My latest NPR adventure: How ABC's Scandal highlights new visibility for black women on TV

5

April

scandal1a.jpgThis latest commentary for NPR is an extension of a piece I did for the Tampa Bay Times last week, noting that new showcase roles are opening up for black woman all across television -- in some cases, as TV programmers finally figure out they are  group worth targeting on television.

But my NPR story starts with Scandal, where I begin with an interesting question:

What happens when one of the most powerful black women in the TV business creates a show about one of the most powerful black women behind-the-scenes in politics?

You get Scandal, the new series from Grey's Anatomy creator Shonda Rhimes based on the life of Judy Smith, a renowned African-American crisis manager who has handled cases ranging from the BP Oil spill to Michael Vick.

ABC makes it plain the series is "inspired" by Smith, casting knockout Kerry Washington as Olivia Pope, the kinetic leader of a crisis management firm who kicks off Thursday's debut paying Russian mobsters $3 million in a darkened basement room.

Because this is Rhimes' gig, the characters are fast-talking, witty and impetuously competent, charming police and forensic technicians into giving them the kind of information that keeps them one step ahead of everyone.
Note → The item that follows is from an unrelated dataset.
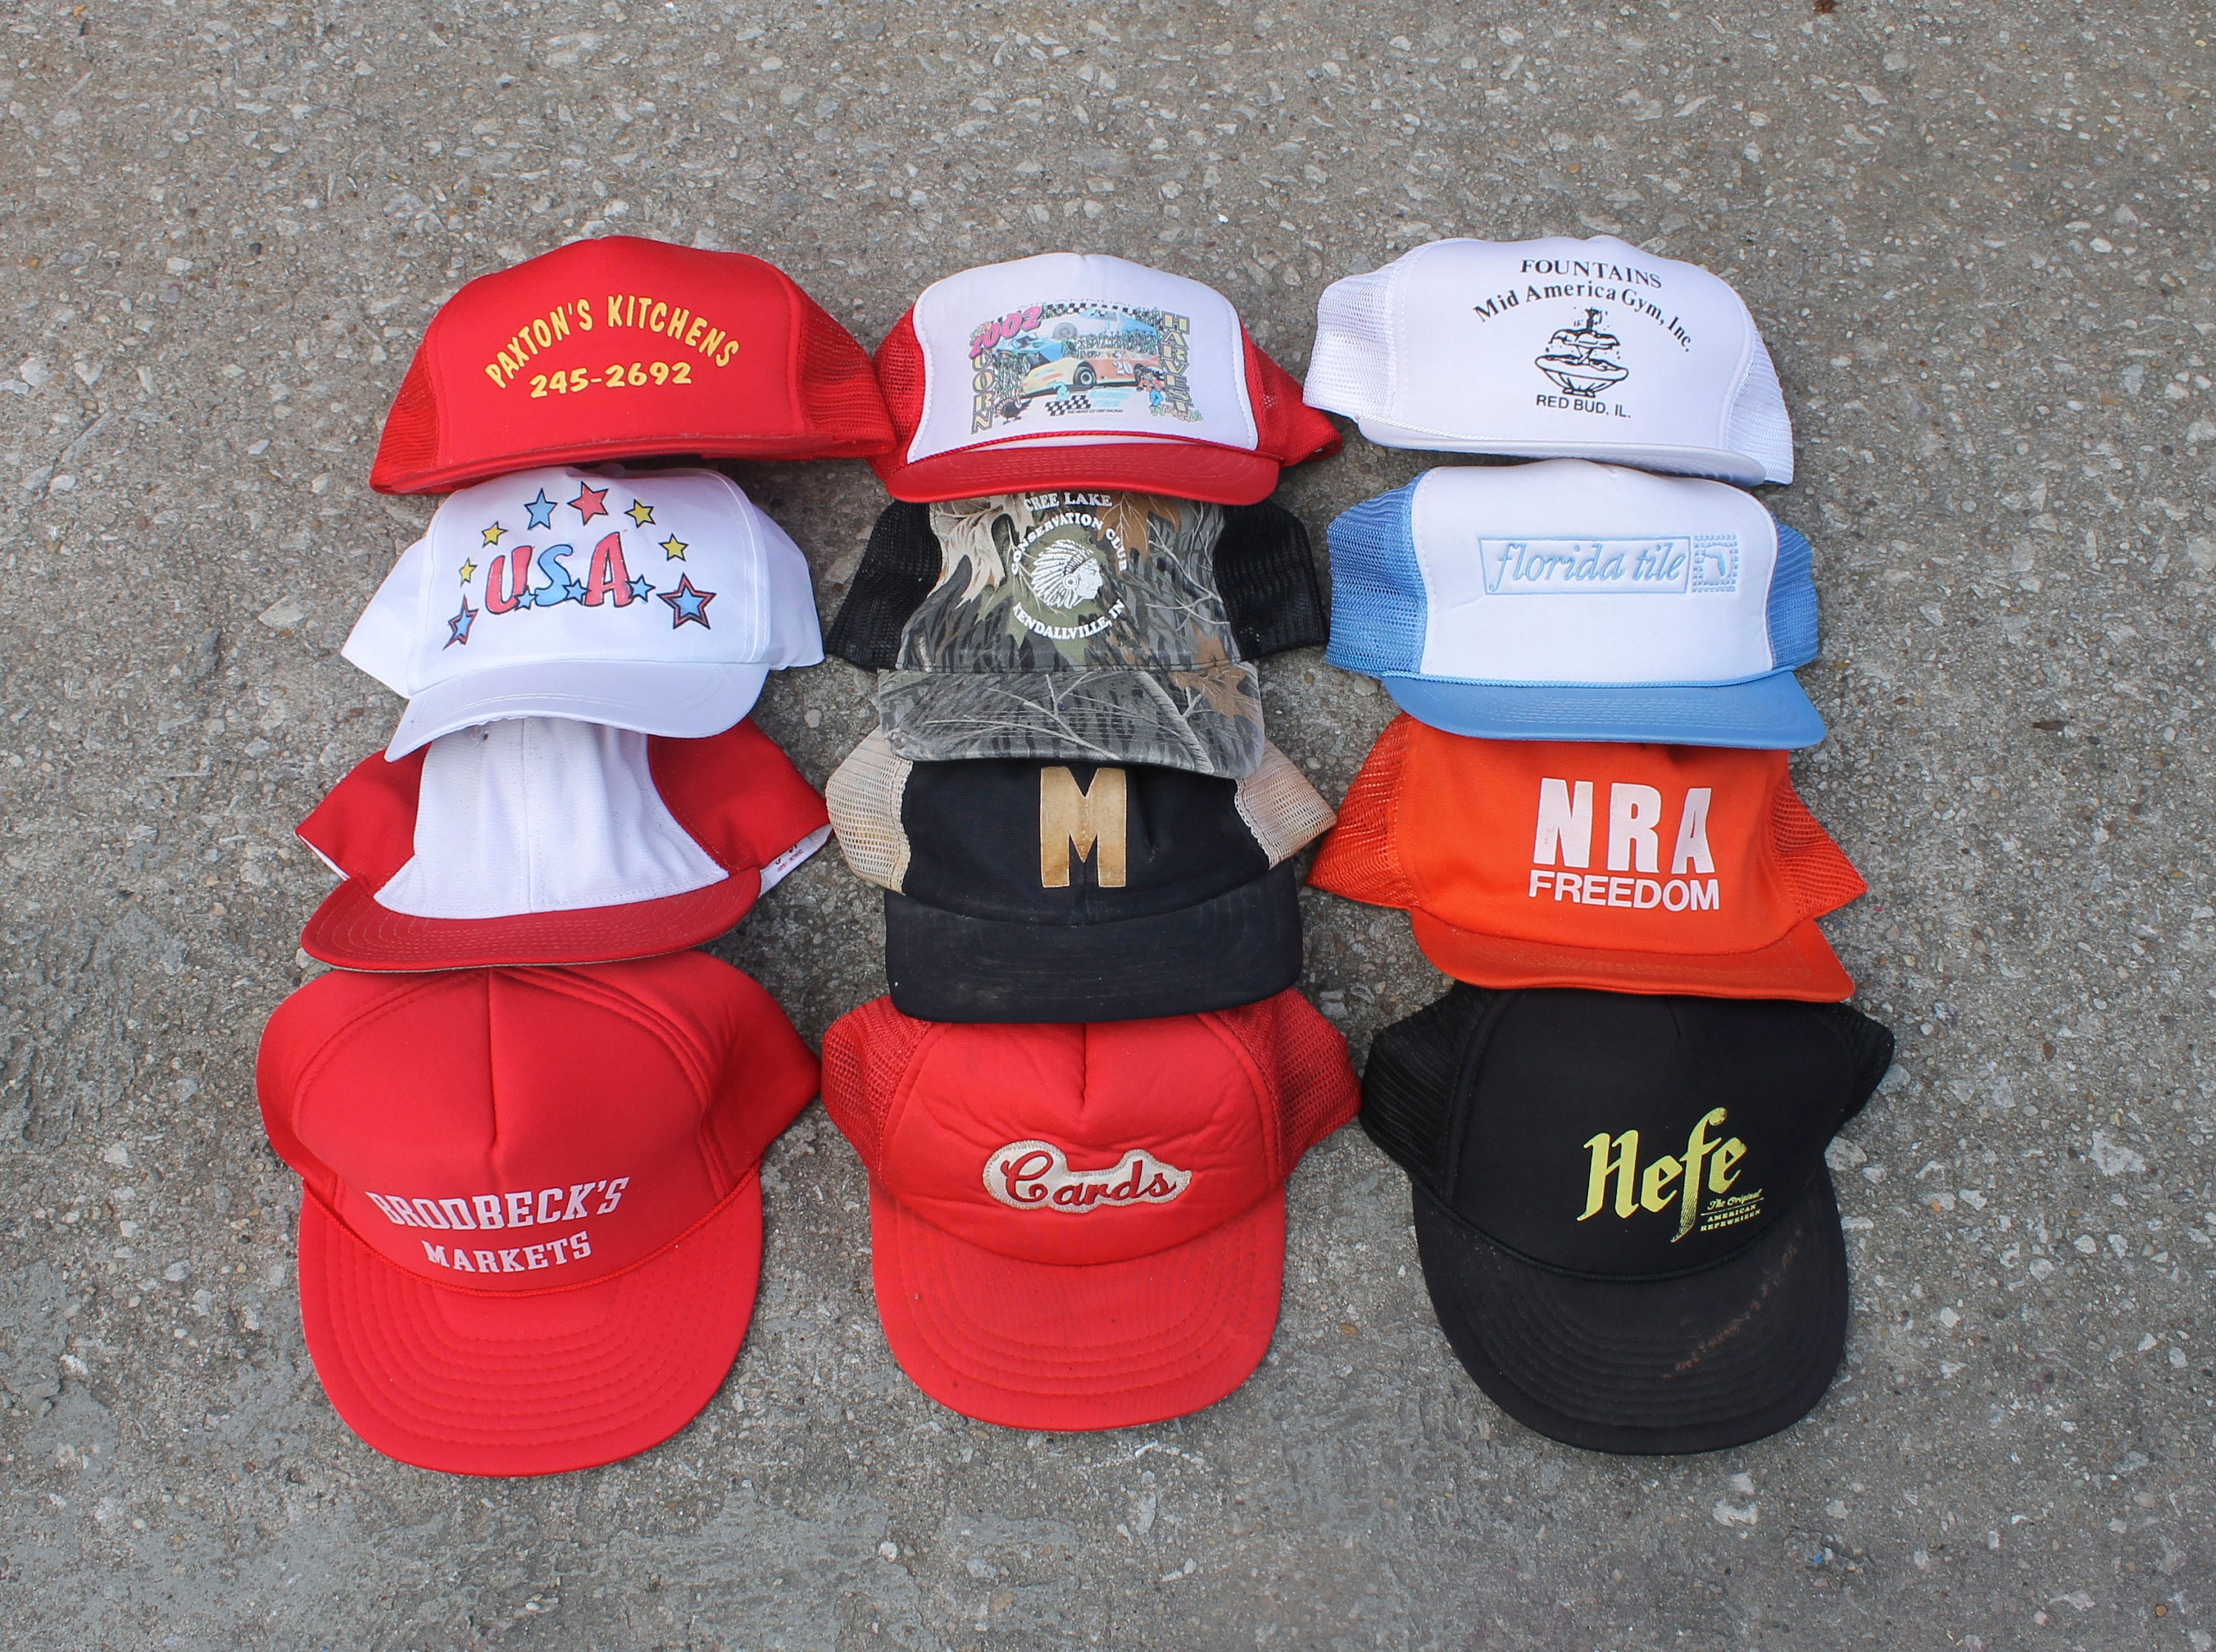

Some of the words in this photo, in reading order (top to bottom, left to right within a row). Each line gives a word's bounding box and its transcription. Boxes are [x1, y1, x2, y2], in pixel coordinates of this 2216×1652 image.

Still, at times it can feel like yet another reinvention of the same cops 'n' murder mysteries found elsewhere.

scandal-christielove2.jpgThe situations themselves feel a little soapy — as is Rhimes' trademark, too — from helping a president accused of an affair with a younger woman to aiding a young hero soldier accused of killing a woman close to him. Later, we learn Pope has a complicated connection to the president and a workaholic style that feels as much inspired by Rhimes' legendary pace as Smith's reputation.

Even though Scandal isn't quite the home run fans may hope for, it is the most-visible example of a tiny burst in shows featuring African American women.

Check out the NPR piece below -- which even has a shout out to Get Christie Love! -- for more details:

  

[Last modified: Thursday, April 5, 2012 5:37pm]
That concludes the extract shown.